Jake Andrews

No. 60 – Houston Texans
- Position: Center
- Roster status: Active

Personal information
- Born: November 11, 1999 (age 26) Montgomery, Alabama, U.S.
- Listed height: 6 ft 3 in (1.91 m)
- Listed weight: 308 lb (140 kg)

Career information
- High school: Stanhope Elmore (Millbrook, Alabama)
- College: Troy (2018–2022)
- NFL draft: 2023: 4th round, 107th overall pick

Career history
- New England Patriots (2023–2024); Houston Texans (2025–present);

Awards and highlights
- First-team All-Sun Belt (2022);

Career NFL statistics as of Week 17, 2025
- Games played: 31
- Games started: 16
- Stats at Pro Football Reference

= Jake Andrews (American football) =

American football player (born 1999)

Wesley Jacob Andrews (born November 11, 1999) is an American professional football center for the Houston Texans.
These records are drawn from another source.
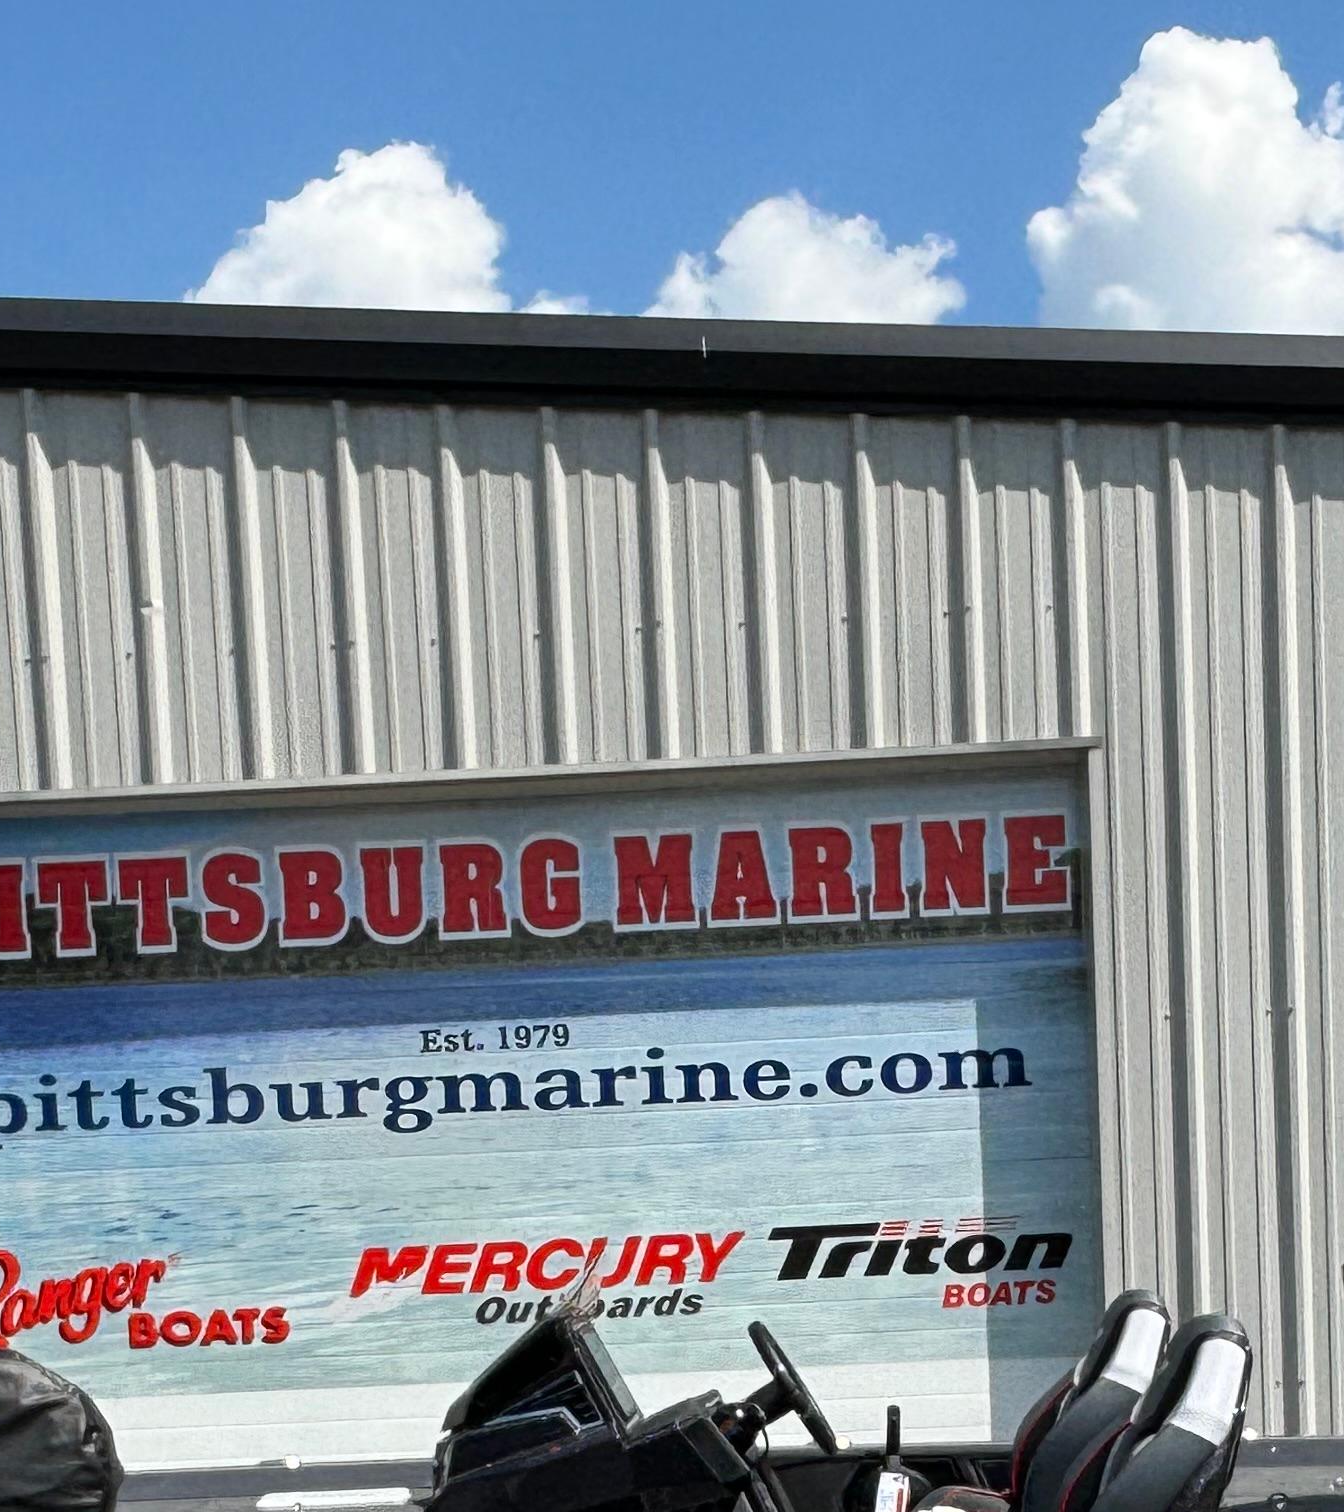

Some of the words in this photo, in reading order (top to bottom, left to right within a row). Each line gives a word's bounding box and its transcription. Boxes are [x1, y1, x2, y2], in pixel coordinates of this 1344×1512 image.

[613, 810, 1073, 933] MARINE
[419, 1028, 485, 1053] Est.
[498, 1023, 570, 1050] 1979
[349, 1231, 747, 1298] MERCURY
[768, 1220, 1074, 1281] Triton
[476, 1288, 704, 1325] Outards
[942, 1279, 1057, 1308] BOATS
[129, 1306, 291, 1349] BOATS
He played college football for the Troy Trojans, and was selected by the New England Patriots of the National Football League (NFL) in the fourth round of the 2023 NFL draft.

==College career==
Andrews was ranked as a threestar recruit by 247Sports.com coming out of high school. He committed to Troy on June 19, 2017.

==Professional career==

Pre-draft measurables
| Height | Weight | Arm length | Hand span | Wingspan | 40-yard dash | 10-yard split | 20-yard split | 20-yard shuttle | Three-cone drill | Vertical jump | Broad jump | Bench press |
| 6 ft 2+3⁄4 in (1.90 m) | 305 lb (138 kg) | 31+7⁄8 in (0.81 m) | 10 in (0.25 m) | 6 ft 6 in (1.98 m) | 5.15 s | 1.80 s | 2.95 s | 4.73 s | 7.77 s | 26.0 in (0.66 m) | 8 ft 6 in (2.59 m) | 29 reps |
All values from NFL Combine/Pro Day

===New England Patriots===
Andrews was selected by the New England Patriots in the fourth round, 108th overall, of the 2023 NFL draft, using a selection they acquired from the Los Angeles Rams in a trade for Sony Michel.

Andrews was placed on injured reserve on August 5, 2024, after suffering a torn meniscus in training camp.

On April 28, 2025, Andrews was released by the Patriots.

===Houston Texans===
On April 29, 2025, Andrews was claimed off waivers by the Houston Texans.